Free-text object descriptions →
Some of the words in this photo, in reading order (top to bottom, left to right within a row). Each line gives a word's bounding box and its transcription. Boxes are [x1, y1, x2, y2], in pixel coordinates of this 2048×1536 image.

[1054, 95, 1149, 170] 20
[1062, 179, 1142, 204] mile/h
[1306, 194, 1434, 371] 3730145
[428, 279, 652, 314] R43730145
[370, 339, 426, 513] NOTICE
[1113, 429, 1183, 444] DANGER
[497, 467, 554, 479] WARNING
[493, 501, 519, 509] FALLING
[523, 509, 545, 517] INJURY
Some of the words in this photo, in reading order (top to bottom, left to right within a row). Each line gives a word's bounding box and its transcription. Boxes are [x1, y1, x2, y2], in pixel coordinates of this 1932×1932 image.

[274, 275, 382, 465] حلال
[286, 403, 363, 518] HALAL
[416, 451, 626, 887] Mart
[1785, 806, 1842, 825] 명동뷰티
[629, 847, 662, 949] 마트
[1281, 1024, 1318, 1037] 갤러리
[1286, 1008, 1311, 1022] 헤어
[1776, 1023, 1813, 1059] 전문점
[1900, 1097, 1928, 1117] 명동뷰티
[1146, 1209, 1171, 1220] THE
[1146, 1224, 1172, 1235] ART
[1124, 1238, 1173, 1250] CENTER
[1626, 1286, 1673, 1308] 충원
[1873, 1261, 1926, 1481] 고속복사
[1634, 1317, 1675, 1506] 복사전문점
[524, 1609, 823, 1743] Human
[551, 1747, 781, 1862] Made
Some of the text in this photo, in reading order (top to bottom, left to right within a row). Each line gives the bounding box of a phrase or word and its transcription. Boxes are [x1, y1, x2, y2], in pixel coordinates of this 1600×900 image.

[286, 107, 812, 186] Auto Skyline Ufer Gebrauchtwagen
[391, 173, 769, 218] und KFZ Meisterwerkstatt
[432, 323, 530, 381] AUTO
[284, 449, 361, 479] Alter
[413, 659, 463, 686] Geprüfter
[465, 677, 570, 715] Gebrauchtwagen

Exercise →
An exact copy of every record above is what's needed here.

Solved problem →
Some of the words in this photo, in reading order (top to bottom, left to right within a row). Each line gives a word's bounding box and its transcription. Boxes are [x1, y1, x2, y2], in pixel coordinates of this 2048×1536 image.

[1054, 95, 1149, 170] 20
[1062, 179, 1142, 204] mile/h
[1306, 194, 1434, 371] 3730145
[428, 279, 652, 314] R43730145
[370, 339, 426, 513] NOTICE
[1113, 429, 1183, 444] DANGER
[497, 467, 554, 479] WARNING
[493, 501, 519, 509] FALLING
[523, 509, 545, 517] INJURY
Some of the words in this photo, in reading order (top to bottom, left to right within a row). Each line gives a word's bounding box and its transcription. Boxes are [x1, y1, x2, y2], in pixel coordinates of this 1932×1932 image.

[274, 275, 382, 465] حلال
[286, 403, 363, 518] HALAL
[416, 451, 626, 887] Mart
[1785, 806, 1842, 825] 명동뷰티
[629, 847, 662, 949] 마트
[1281, 1024, 1318, 1037] 갤러리
[1286, 1008, 1311, 1022] 헤어
[1776, 1023, 1813, 1059] 전문점
[1900, 1097, 1928, 1117] 명동뷰티
[1146, 1209, 1171, 1220] THE
[1146, 1224, 1172, 1235] ART
[1124, 1238, 1173, 1250] CENTER
[1626, 1286, 1673, 1308] 충원
[1873, 1261, 1926, 1481] 고속복사
[1634, 1317, 1675, 1506] 복사전문점
[524, 1609, 823, 1743] Human
[551, 1747, 781, 1862] Made
Some of the text in this photo, in reading order (top to bottom, left to right within a row). Each line gives the bounding box of a phrase or word and its transcription. Boxes are [x1, y1, x2, y2], in pixel coordinates of this 1600×900 image.

[286, 107, 812, 186] Auto Skyline Ufer Gebrauchtwagen
[391, 173, 769, 218] und KFZ Meisterwerkstatt
[432, 323, 530, 381] AUTO
[284, 449, 361, 479] Alter
[413, 659, 463, 686] Geprüfter
[465, 677, 570, 715] Gebrauchtwagen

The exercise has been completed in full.